===== EXCERPTED RECORDS

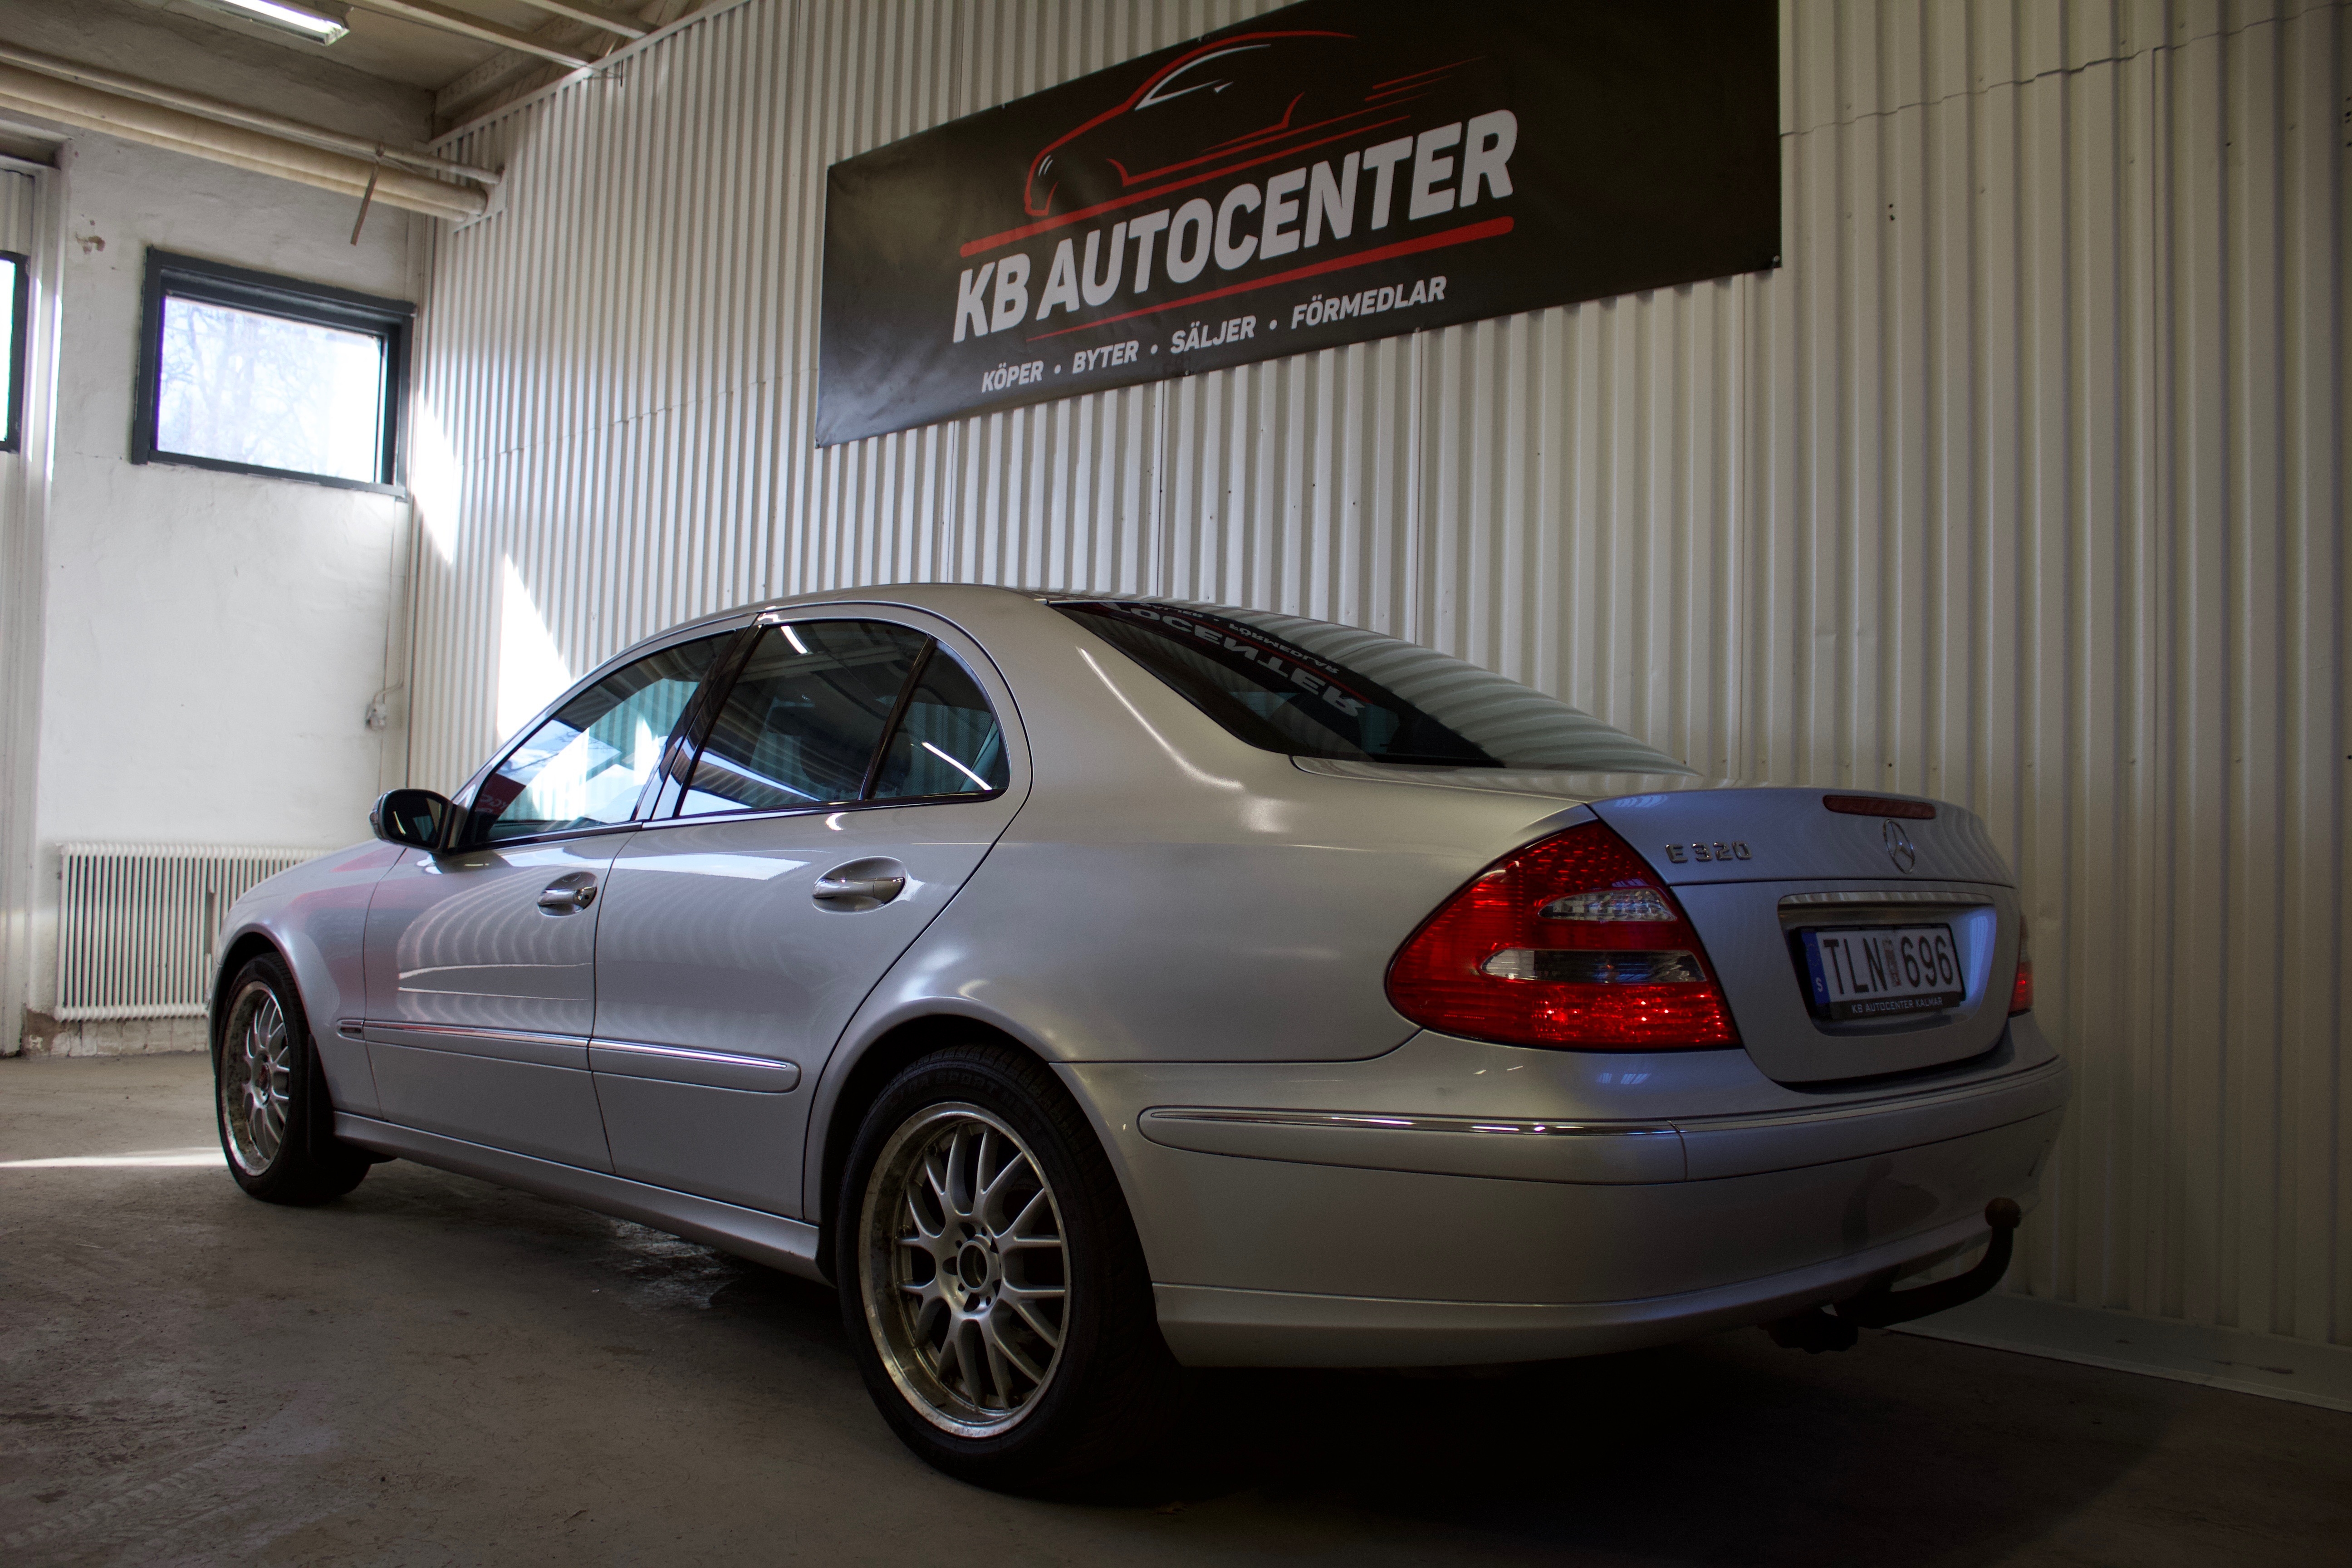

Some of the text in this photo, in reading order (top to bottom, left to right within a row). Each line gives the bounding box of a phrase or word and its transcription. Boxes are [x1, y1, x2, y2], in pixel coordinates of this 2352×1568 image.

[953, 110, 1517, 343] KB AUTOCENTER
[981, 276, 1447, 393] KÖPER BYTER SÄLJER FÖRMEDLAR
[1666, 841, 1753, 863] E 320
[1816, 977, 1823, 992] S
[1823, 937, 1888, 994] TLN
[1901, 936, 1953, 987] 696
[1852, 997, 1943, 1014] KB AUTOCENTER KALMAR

==========

**ASSIGNED TASK:** Your answer must be an exact repeat of the records above, with no pictures in it.

**SOLUTION FOR THIS TASK:**
Some of the text in this photo, in reading order (top to bottom, left to right within a row). Each line gives the bounding box of a phrase or word and its transcription. Boxes are [x1, y1, x2, y2], in pixel coordinates of this 2352×1568 image.

[953, 110, 1517, 343] KB AUTOCENTER
[981, 276, 1447, 393] KÖPER BYTER SÄLJER FÖRMEDLAR
[1666, 841, 1753, 863] E 320
[1816, 977, 1823, 992] S
[1823, 937, 1888, 994] TLN
[1901, 936, 1953, 987] 696
[1852, 997, 1943, 1014] KB AUTOCENTER KALMAR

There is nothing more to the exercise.